A UK-based quantum computing company has claimed to have harnessed an exotic form of subatomic matter for the first time, a feat they claim could revolutionize efforts to build machines more powerful than conventional computers.
scientist with U.K. and usQuantinuum-based Quantinuum, along with collaborators at Caltech and Harvard University, say they not only produced but manipulated a strange new form of matter, anything that isn’t Abelian, in order to perform quantum computations.
Ilyas Khan, founder and chief product officer of Quantinuum, said: “We found something crucial that people can now cheer up and believe that this quantum computing paradigm is real.”
The claimed breakthrough, which has not yet been formally vetted by independent researchers, could provide an important new alternative to the way of building “fault-tolerant” quantum computers.
So far, the field of quantum computing has been dominated by GoogleIBM and China’s Zu Chongzhi quantum computer.

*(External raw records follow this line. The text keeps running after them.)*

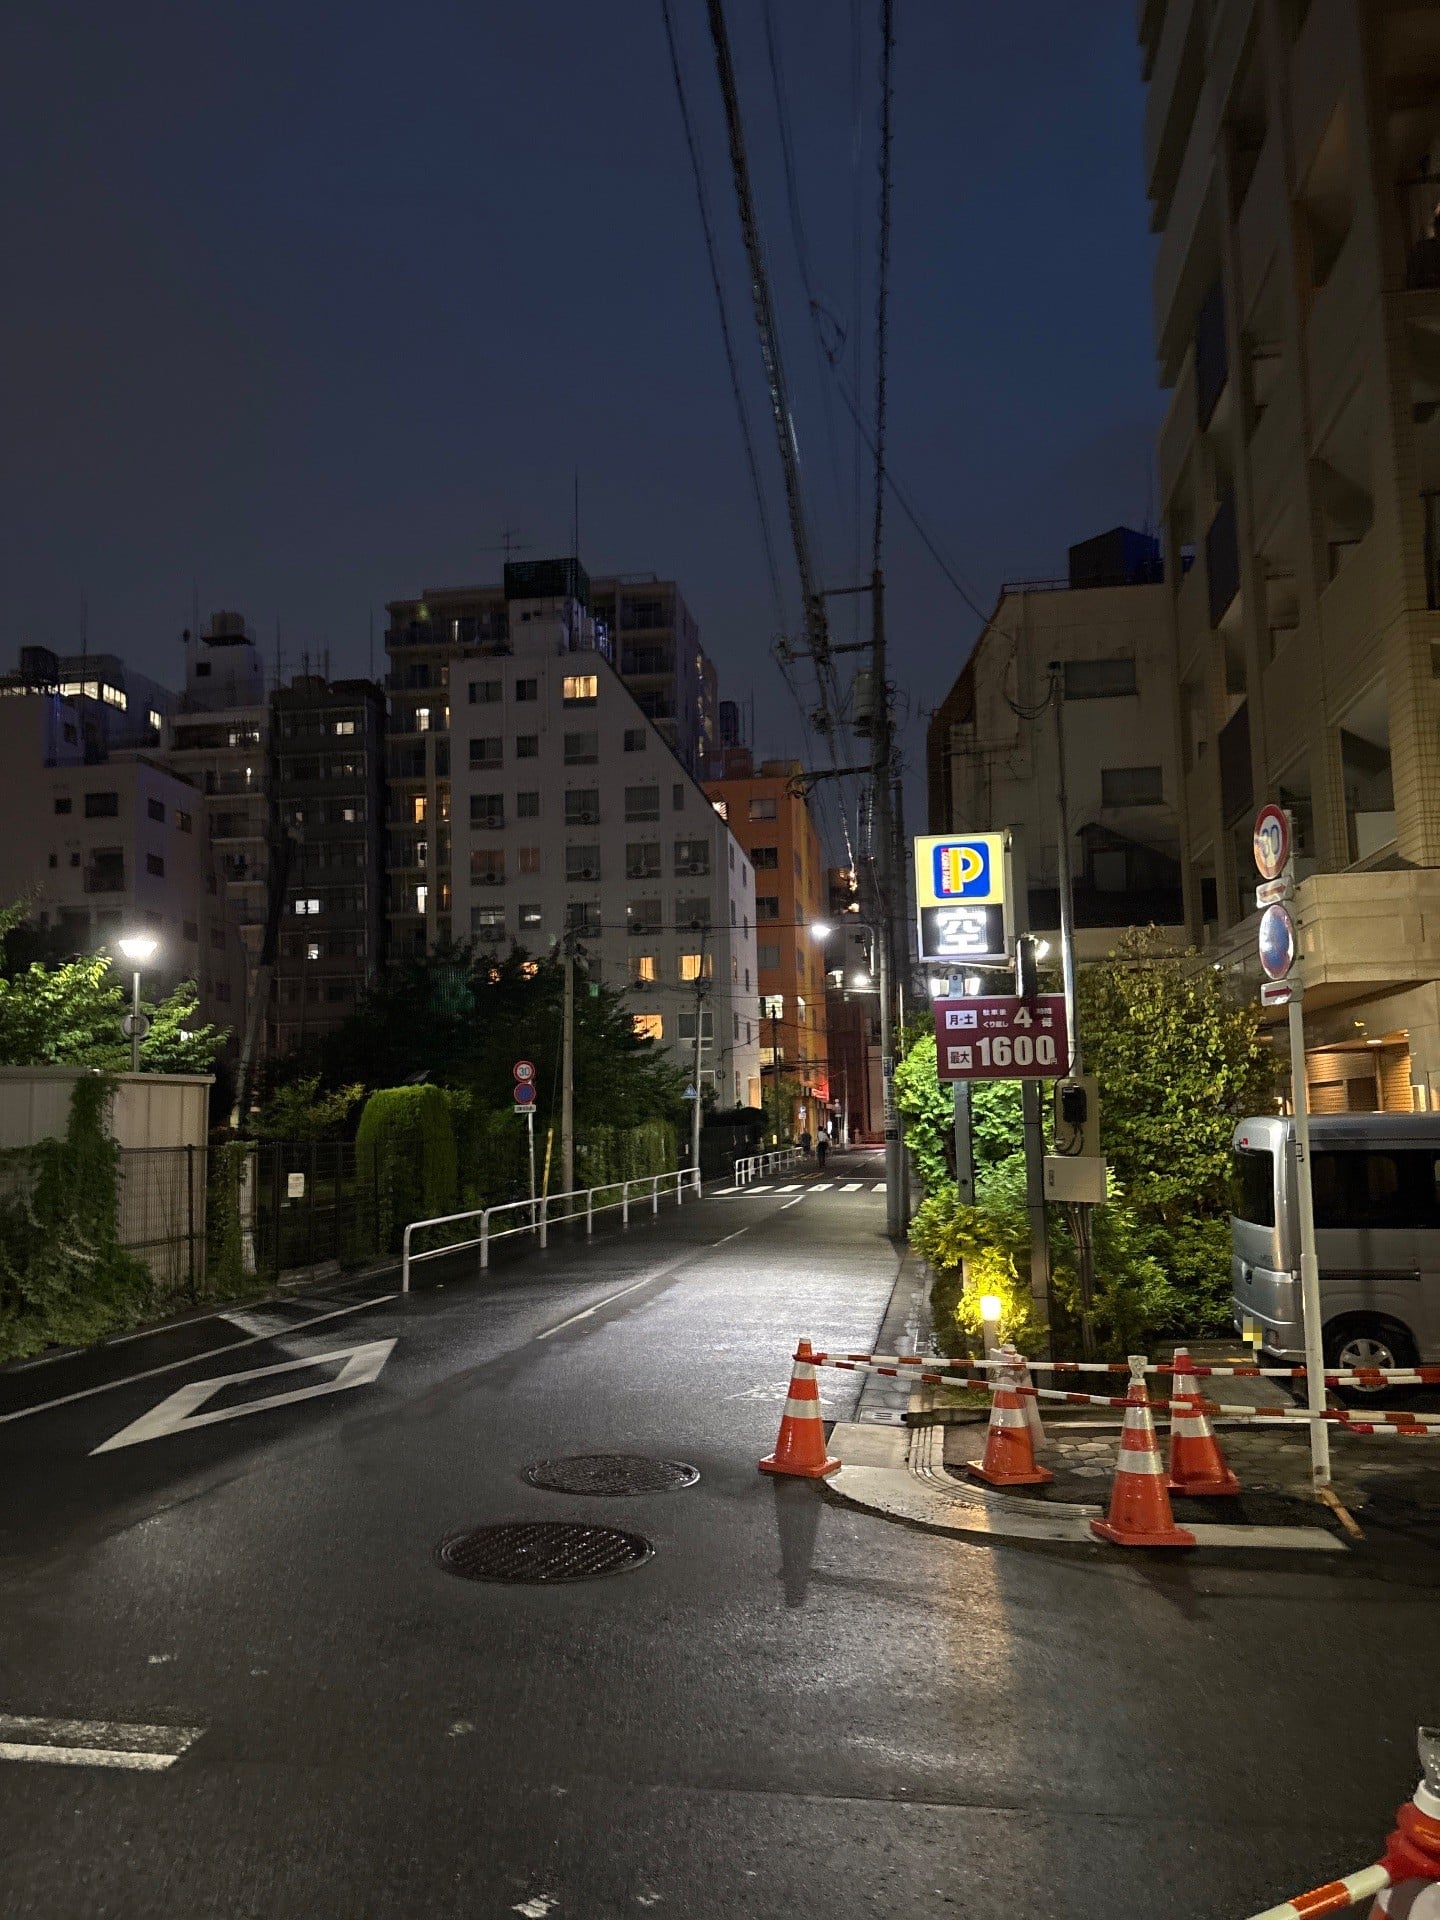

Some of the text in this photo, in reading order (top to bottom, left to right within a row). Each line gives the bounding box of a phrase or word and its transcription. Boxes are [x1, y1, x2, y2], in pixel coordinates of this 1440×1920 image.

[936, 907, 988, 954] 空
[1013, 1006, 1033, 1029] 4
[950, 1051, 970, 1065] 最大
[518, 1067, 531, 1077] 30
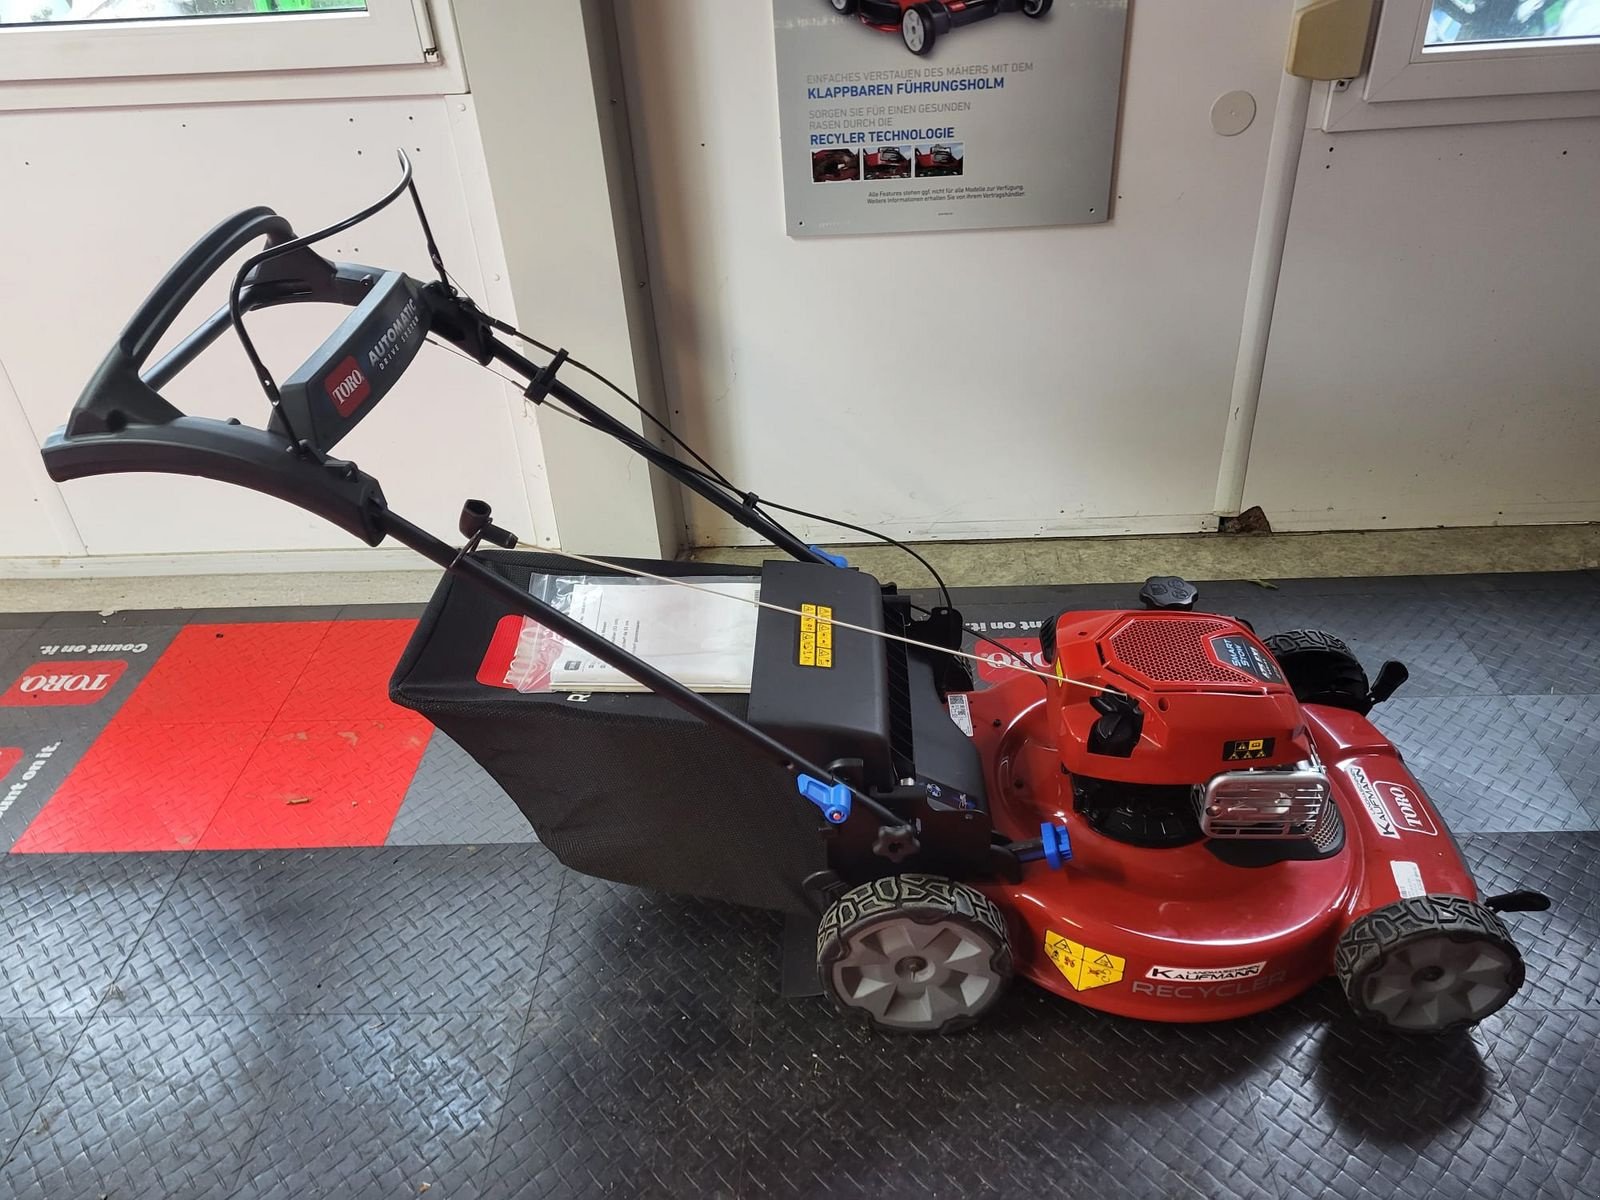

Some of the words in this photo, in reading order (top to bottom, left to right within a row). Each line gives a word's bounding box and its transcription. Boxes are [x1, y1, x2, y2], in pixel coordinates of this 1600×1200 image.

[807, 72, 861, 84] EINFACHES
[863, 69, 922, 81] VERSTAUEN
[924, 67, 945, 78] DES
[992, 63, 1009, 73] MIT
[1011, 62, 1033, 73] DEM
[808, 83, 893, 100] KLAPPBAREN
[896, 77, 1005, 95] FÜHRUNGSHOLM
[808, 108, 847, 120] SORGEN
[850, 107, 864, 118] SIE
[866, 105, 886, 117] FÜR
[888, 104, 917, 115] EINEN
[918, 102, 971, 114] GESUNDEN
[809, 120, 841, 130] RASEN
[843, 118, 876, 129] DURCH
[878, 117, 893, 127] DIE
[810, 132, 865, 145] RECYLER
[868, 127, 955, 142] TECHNOLOGIE
[368, 298, 417, 367] AUTOMATIC
[379, 345, 400, 371] DRIVE
[332, 369, 363, 405] TORO
[965, 622, 987, 632] it.
[991, 621, 1016, 630] on
[40, 645, 60, 655] it.
[61, 644, 87, 654] on
[87, 643, 148, 654] Count
[1223, 638, 1242, 667] SMART
[1234, 643, 1250, 667] STOW
[20, 673, 111, 693] TORO
[22, 760, 47, 780] on
[35, 742, 61, 758] it.
[1356, 767, 1396, 835] KAUFMANN
[1389, 786, 1423, 828] TORO
[1132, 970, 1287, 999] RECYCLER
[1152, 966, 1259, 981] KAUFMANN
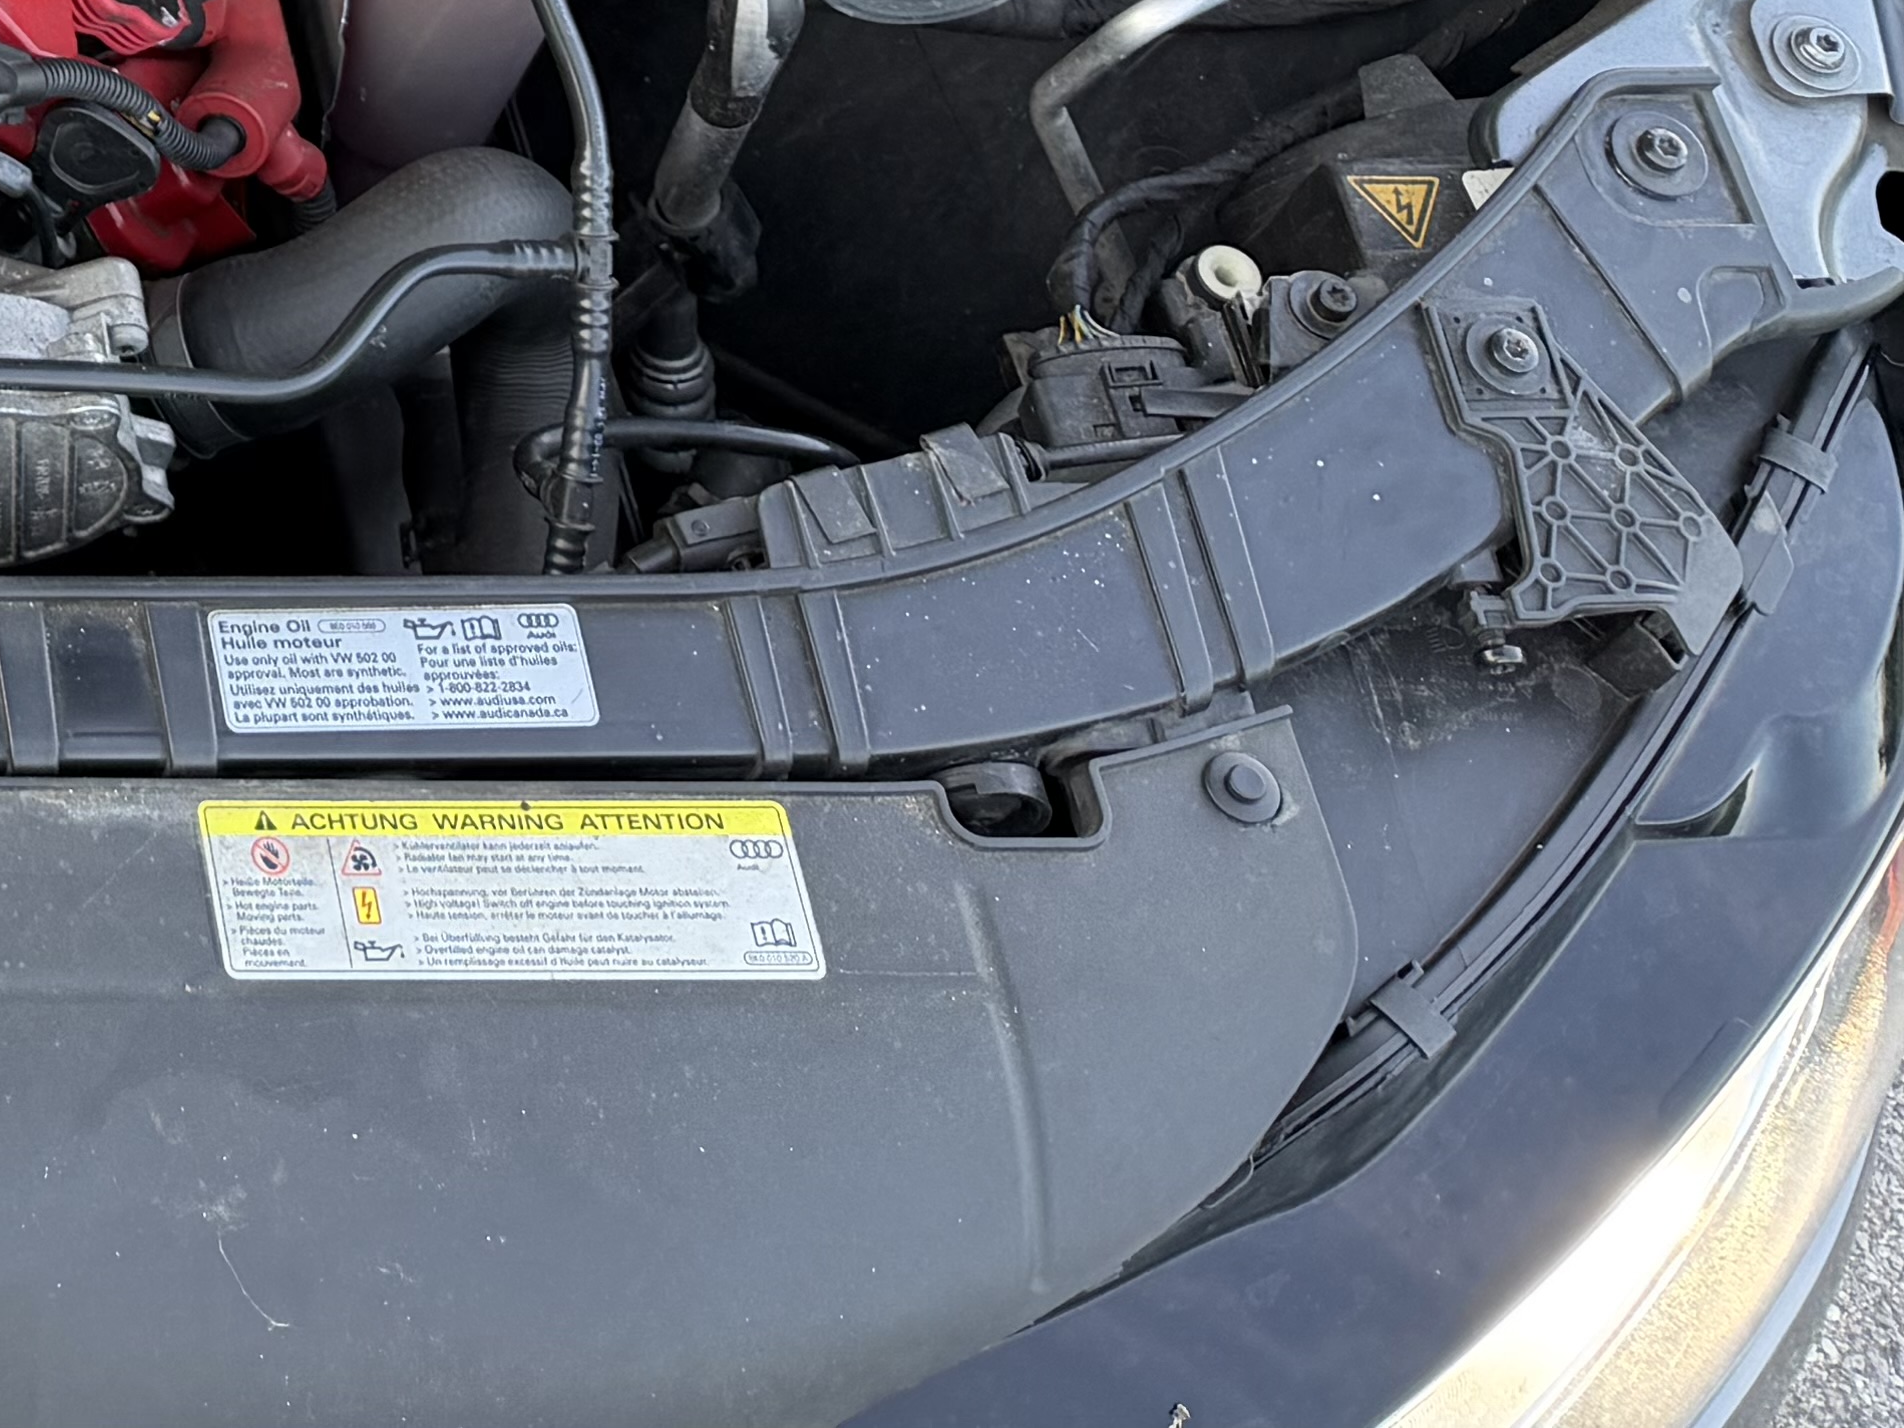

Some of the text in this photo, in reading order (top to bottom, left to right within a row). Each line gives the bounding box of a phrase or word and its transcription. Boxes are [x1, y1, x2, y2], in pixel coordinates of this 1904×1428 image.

Their method uses superconducting materials in which information is encoded in quantum positions of individual particles called “qubits.”
But the development of quantum computers comparable to classical computers has been hampered by the fact that quantum particles can change states randomly and without warning — which would require extensive error correction built into the computer’s design.
Non-Abelians offer a completely different approach – one that theoretically reduces the need for error correction.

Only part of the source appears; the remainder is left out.